Alles war feucht. Kondenswasser rann von den weißen Wänden des Flurs. Belsey ging langsam hinein. Vorsichtig betrat er ein Wohnzimmer, das völlig verwüstet war. Die Polster der Sessel waren aufgeschlitzt, der Teppich war zerschnitten, der Designerinhalt der Schränke auf einen großen Haufen gekippt. Die Einzelteile einer Jukebox, eines Wurlitzer-Nachbaus, lagen verstreut auf dem Boden herum. An der Wand hing eine in zwei Teile zerrissene Projektorleinwand. An einer abstrakten Eisenskulptur und einem an die Wand montierten Flachbildfernseher liefen Wassertropfen herunter.
Buckingham war anscheinend nicht zu Hause.
Belsey stieg über Berge von Klamotten und ging in das Dampfbad mit Sauna im hinteren Teil der Wohnung. Die Dusche lief, und die Saunatür stand offen. Die Fliesen waren von den Wänden geschlagen worden.

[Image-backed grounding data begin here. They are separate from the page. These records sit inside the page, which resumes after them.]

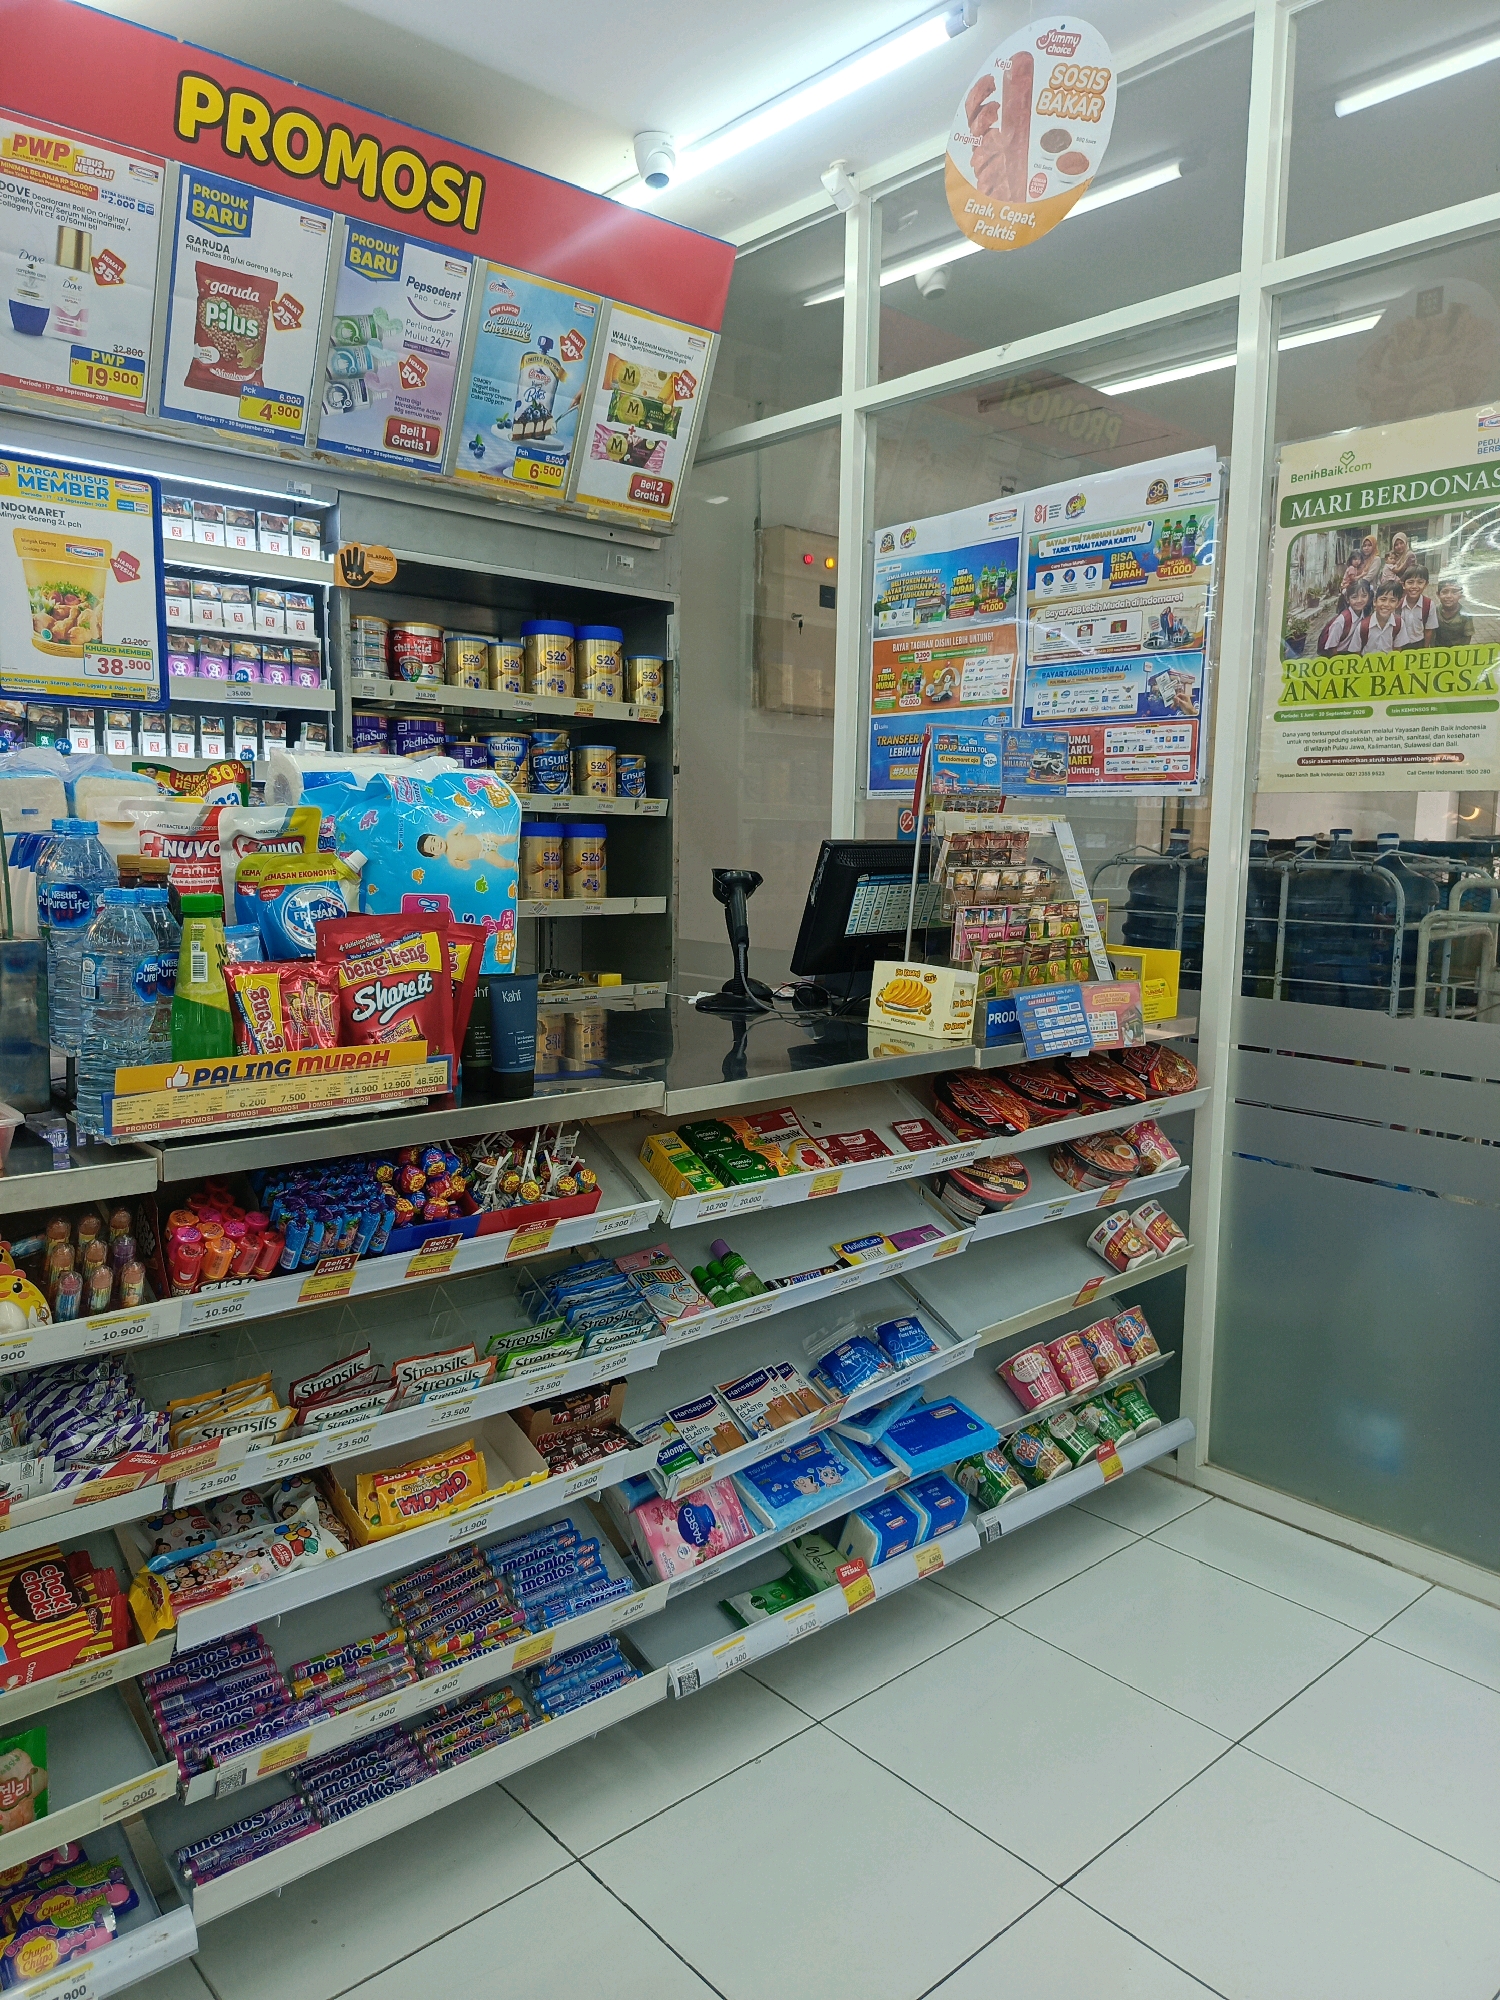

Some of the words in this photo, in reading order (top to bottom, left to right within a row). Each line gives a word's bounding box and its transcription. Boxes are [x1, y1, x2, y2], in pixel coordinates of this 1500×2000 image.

[1047, 30, 1080, 46] Yummy
[994, 58, 1012, 70] Keju
[1051, 66, 1108, 91] SOSIS
[1037, 90, 1103, 118] BAKAR
[13, 134, 71, 162] PWP
[954, 133, 982, 146] Original
[77, 155, 104, 168] TEBUS
[177, 74, 480, 233] PROMOSI
[0, 162, 29, 175] MINIMAL
[30, 169, 59, 183] BELANJA
[74, 163, 115, 180] HEBOH!
[32, 193, 71, 209] Deodorant
[72, 204, 85, 213] Roll
[192, 182, 249, 211] PRODUK
[191, 200, 248, 230] BARU
[964, 199, 995, 219] Enak,
[1000, 206, 1037, 228] Cepat,
[973, 220, 1017, 241] Praktis
[186, 234, 231, 254] GARUDA
[351, 232, 400, 257] PRODUK
[350, 247, 399, 275] BARU
[95, 261, 121, 284] 35%
[62, 278, 83, 292] Dove
[209, 280, 260, 303] garuda
[405, 275, 462, 302] Pepsodent
[273, 305, 298, 328] 25%
[406, 318, 454, 338] Perlindungan
[482, 319, 532, 343] Cheesecake
[404, 328, 428, 344] Mulut
[430, 335, 451, 349] 24/7
[612, 330, 639, 344] WALL'S
[91, 350, 126, 367] PWP
[561, 340, 580, 360] 20%
[86, 365, 139, 387] 19.900
[401, 367, 422, 386] 50%
[259, 403, 300, 421] 4.900
[399, 424, 419, 438] Beli
[391, 435, 424, 452] Gratis
[17, 465, 59, 479] HARGA
[62, 473, 109, 486] KHUSUS
[529, 463, 562, 480] 6.500
[18, 475, 110, 502] MEMBER
[640, 478, 657, 490] Beli
[634, 488, 660, 502] Gratis
[1290, 492, 1352, 520] MARI
[1359, 469, 1500, 509] BERDONAS
[0, 503, 65, 519] NDOMARET
[28, 515, 56, 528] Goreng
[67, 521, 82, 530] pch
[1092, 539, 1113, 549] TANPA
[1114, 535, 1137, 546] KARTU
[117, 556, 136, 572] HARGA
[1111, 551, 1134, 561] BISA
[113, 561, 135, 579] SPESIAL
[1110, 560, 1137, 571] TEBUS
[1109, 569, 1142, 582] MURAH
[1045, 606, 1067, 619] Bayar
[1082, 602, 1102, 615] Lebih
[1103, 599, 1130, 612] Mudah
[1140, 592, 1183, 607] Indomaret
[85, 644, 117, 655] KHUSUS
[118, 648, 151, 657] MEMBER
[97, 657, 151, 676] 38.900
[1286, 653, 1396, 680] PROGRAM
[1404, 646, 1494, 672] PEDULI
[1282, 676, 1361, 702] ANAK
[1369, 667, 1494, 698] BANGSA
[403, 734, 445, 750] PediaSure
[489, 742, 520, 752] Nutrilon
[877, 734, 919, 746] TRANSFER
[889, 746, 911, 758] LEBIH
[958, 745, 977, 753] KARTU
[532, 752, 570, 769] Ensure
[1332, 756, 1367, 764] memberikan
[208, 763, 245, 786] 30%
[621, 769, 646, 781] Ensure
[1071, 766, 1100, 776] Untung
[163, 840, 220, 858] NUVO
[175, 867, 221, 875] FAMILY
[264, 871, 296, 882] KEMASAN
[298, 868, 337, 878] EKONOMIS
[50, 900, 68, 909] Pure
[69, 899, 90, 913] Life
[339, 942, 430, 979] beng-beng
[502, 990, 522, 1003] Kahf
[349, 1083, 379, 1095] 14.900
[383, 1079, 411, 1090] 12.900
[416, 1075, 444, 1086] 48.500
[240, 1098, 267, 1108] 6.200
[281, 1092, 307, 1103] 7.500
[126, 1123, 160, 1133] PROMOSI
[181, 1115, 214, 1125] PROMOSI
[894, 1163, 914, 1174] 28.000
[705, 1201, 729, 1213] 10.700
[739, 1194, 763, 1206] 20.000
[602, 1219, 629, 1232] 15.300
[660, 1266, 685, 1283] FEVER
[205, 1303, 243, 1320] 10.500
[103, 1324, 144, 1342] 10.900
[497, 1326, 557, 1351] Strepsils
[680, 1325, 702, 1337] 8.500
[601, 1357, 628, 1372] 23.500
[300, 1361, 366, 1399] Strepsils
[534, 1380, 562, 1393] 23.500
[727, 1373, 766, 1398] Hansaplast
[673, 1398, 715, 1420] Hansaplast
[680, 1424, 699, 1436] KAIN
[686, 1425, 711, 1442] ELASTIS
[277, 1451, 313, 1468] 27.500
[657, 1443, 687, 1461] Salonpa
[200, 1473, 237, 1490] 23.500
[571, 1475, 599, 1491] 10.200
[457, 1519, 488, 1536] 11.900
[687, 1507, 706, 1545] PASEO
[502, 1544, 556, 1574] mentos
[394, 1568, 434, 1595] mentos
[622, 1602, 645, 1617] 4.900
[795, 1618, 817, 1635] 16.700
[154, 1647, 230, 1683] mentos
[305, 1642, 373, 1676] mentos
[724, 1652, 748, 1670] 14.300
[78, 1668, 113, 1687] 5.500
[433, 1678, 459, 1695] 4.900
[177, 1707, 254, 1743] mentos
[210, 1717, 286, 1754] mentos
[121, 1787, 155, 1809] 5.000
[188, 1813, 266, 1858] mentos
[22, 1943, 53, 1965] Chupa
[22, 1951, 54, 1974] Chups

Er ging nach oben ins Schlafzimmer, das voller Glasscherben war. Es roch nach Amylnitrit. Das Bett war rund und riesig. Die schwarze Seidenbettwäsche lag auf dem Boden, die rundum aufgeschlitzte Matratze lehnte an der Wand. Am Kopfkissenbezug fand Belsey ein paar lange blonde Haare. Die Schubladen des Nachttischs und der Kommode lagen zusammen mit Verhütungsmitteln und Medizinfläschchen auf dem Boden. Neben dem Bett lag ein gebundenes Buch.

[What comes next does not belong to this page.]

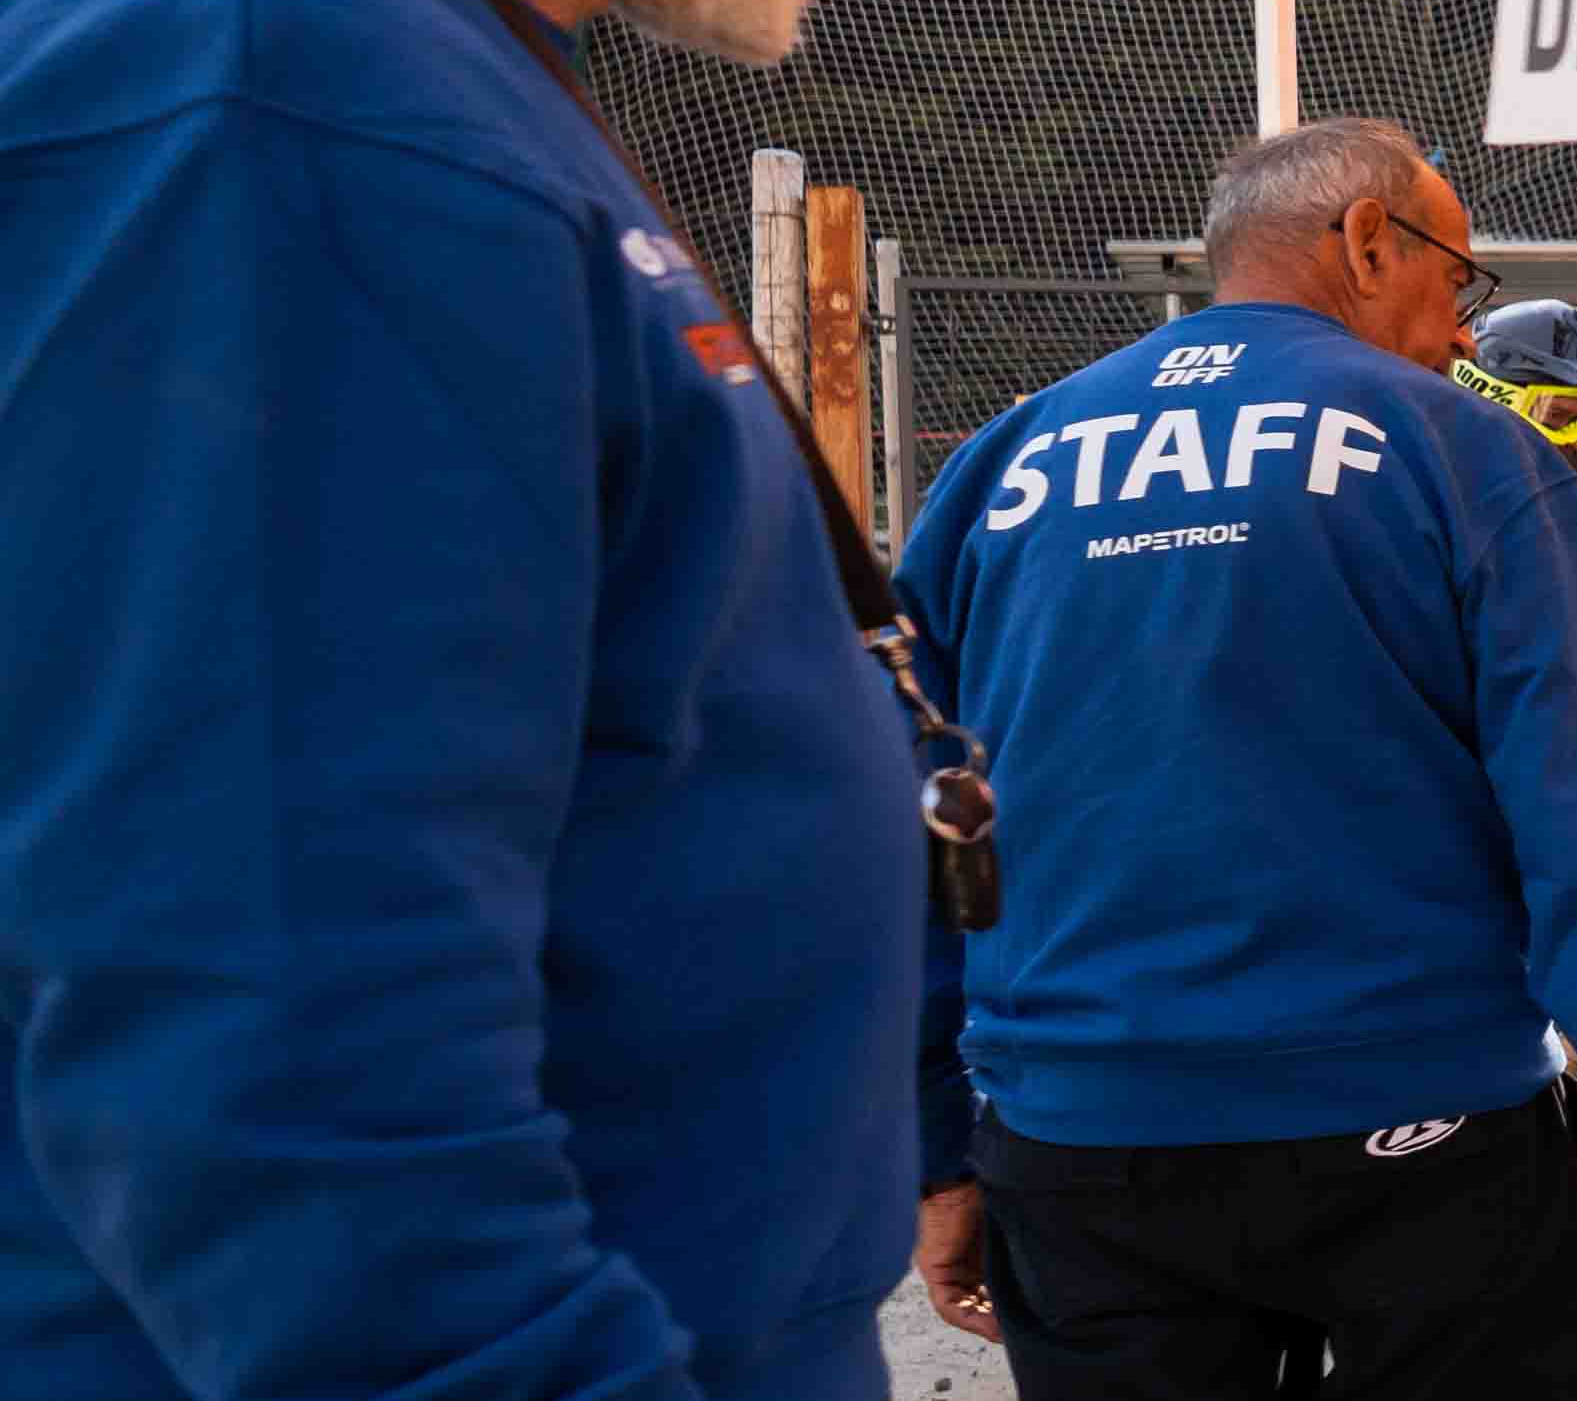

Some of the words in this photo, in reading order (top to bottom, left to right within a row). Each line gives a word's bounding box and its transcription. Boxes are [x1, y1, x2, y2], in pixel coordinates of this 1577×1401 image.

[1159, 342, 1248, 370] ON
[1150, 365, 1240, 387] OFF
[1455, 364, 1516, 406] 100%
[985, 402, 1387, 532] STAFF

Geschichte des saudischen Königshauses. Belsey hob es auf. Der Umschlag war verschwenderisch mit Blattgoldintarsien verziert. Die Seiten waren welk vom Dampf und klebten aneinander. Auf dem Frontispiz stand eine handschriftliche Widmung: »Für unseren geschätzten Freund, mit den besten Wünschen für die Zukunft.« Etwa in der Mitte des Buches steckte ein Foto. Es zeigte einen Mann, der die Taillen zweier halbwüchsiger Mädchen umfasste. Sie saßen auf einer roten Polsterbank, vor ihnen stand ein Tisch voller Gläser und Flaschen. Es dauerte ein paar Sekunden, bis Belsey den grinsenden, glatt rasierten Buckingham erkannte. Irgendeine Krise hatte ihn in einen Stalker verwandelt, der in kugelsicherer Weste Belsey verfolgte. Das Mädchen, das rechts neben Buckingham saß, war Jessica Holden. Sie trug ein silbernes, schulterfreies Cocktailkleid. Das andere Mädchen war die blonde, weinende Freundin aus dem Fernsehen. Sie trug etwas enges Schwarzes, das gerade noch bis zu ihren Oberschenkeln reichte. Sie hatte eine Hand auf Buckinghams Schulter gelegt. Jessica lächelte mit geschlossenen Lippen. Das blonde Mädchen zeigte Zähne.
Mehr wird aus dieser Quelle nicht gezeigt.